• Collected data:
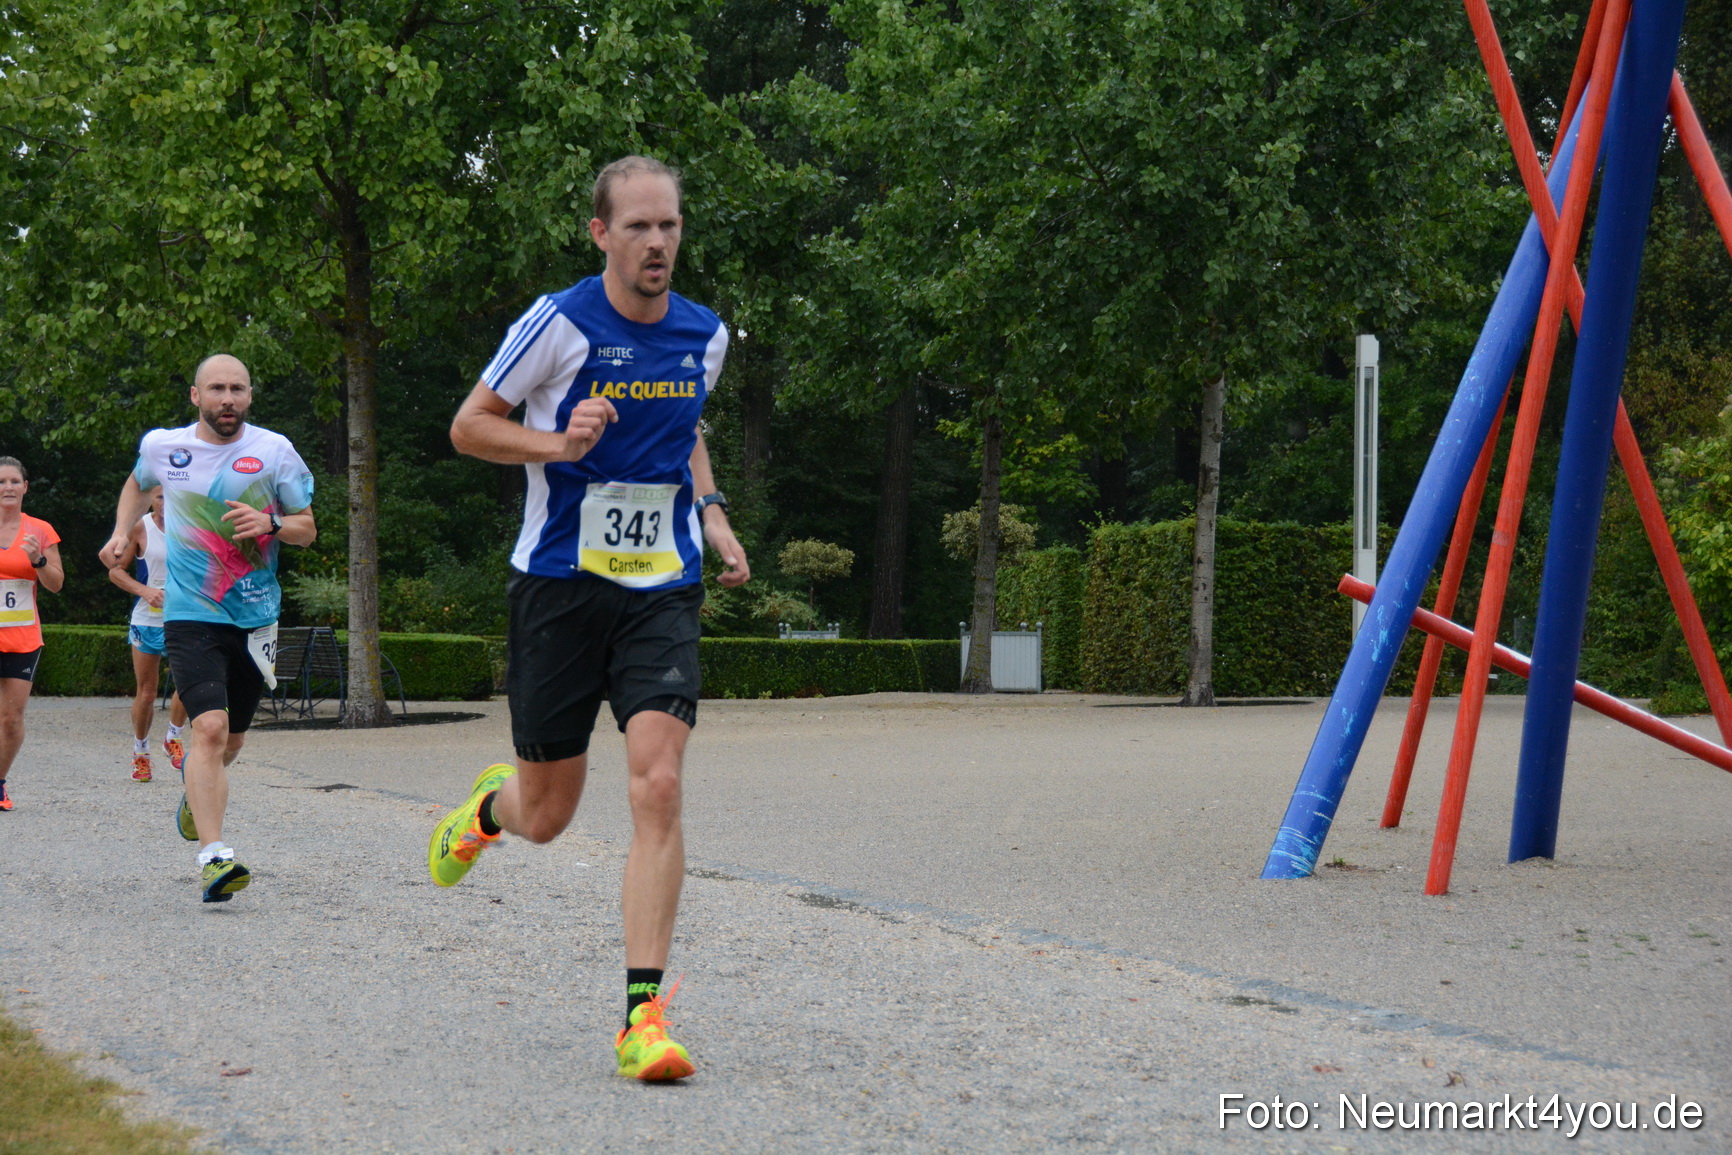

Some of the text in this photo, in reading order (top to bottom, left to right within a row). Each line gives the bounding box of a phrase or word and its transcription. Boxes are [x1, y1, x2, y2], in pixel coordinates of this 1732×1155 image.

[597, 347, 634, 359] HEITEC
[590, 381, 697, 401] LAC QUELLE
[167, 470, 190, 478] PARTL
[604, 508, 661, 547] 343
[609, 557, 654, 573] Carsten
[240, 578, 255, 590] 17.
[5, 591, 16, 608] 6
[262, 640, 277, 663] 32
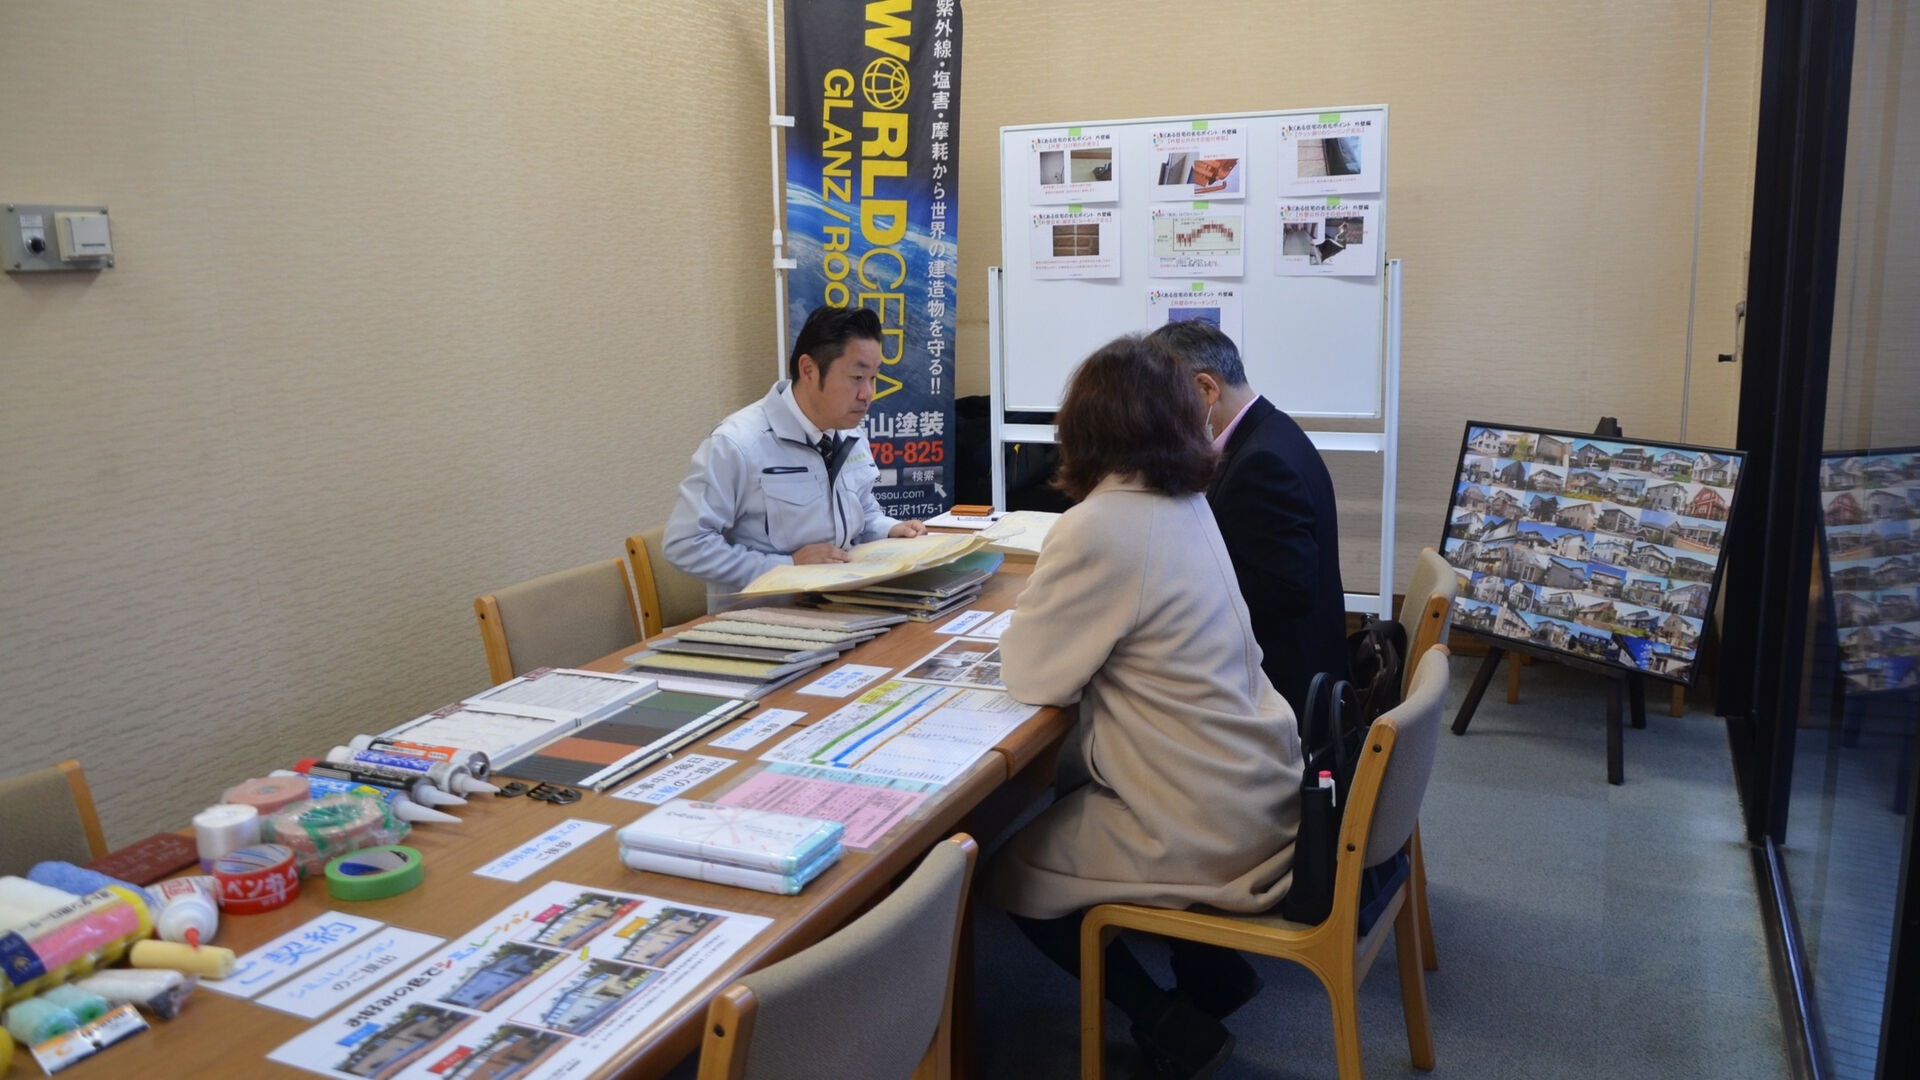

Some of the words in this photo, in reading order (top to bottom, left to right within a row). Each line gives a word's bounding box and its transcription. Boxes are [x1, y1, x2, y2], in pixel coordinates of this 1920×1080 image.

[912, 470, 935, 482] 検索
[227, 920, 358, 986] ご契約
[289, 938, 396, 999] シミュレーション
[344, 909, 530, 1029] お好みの色でシミュレーション

• EXERCISE OBJECTIVE:
Each entry above should be copied word for word, with the images omitted.

• PROBLEM SOLUTION:
Some of the text in this photo, in reading order (top to bottom, left to right within a row). Each line gives the bounding box of a phrase or word and its transcription. Boxes are [x1, y1, x2, y2], in pixel coordinates of this 1732×1155 image.

[597, 347, 634, 359] HEITEC
[590, 381, 697, 401] LAC QUELLE
[167, 470, 190, 478] PARTL
[604, 508, 661, 547] 343
[609, 557, 654, 573] Carsten
[240, 578, 255, 590] 17.
[5, 591, 16, 608] 6
[262, 640, 277, 663] 32

Some of the words in this photo, in reading order (top to bottom, left to right within a row). Each line gives a word's bounding box and its transcription. Boxes are [x1, y1, x2, y2], in pixel coordinates of this 1920×1080 image.

[912, 470, 935, 482] 検索
[227, 920, 358, 986] ご契約
[289, 938, 396, 999] シミュレーション
[344, 909, 530, 1029] お好みの色でシミュレーション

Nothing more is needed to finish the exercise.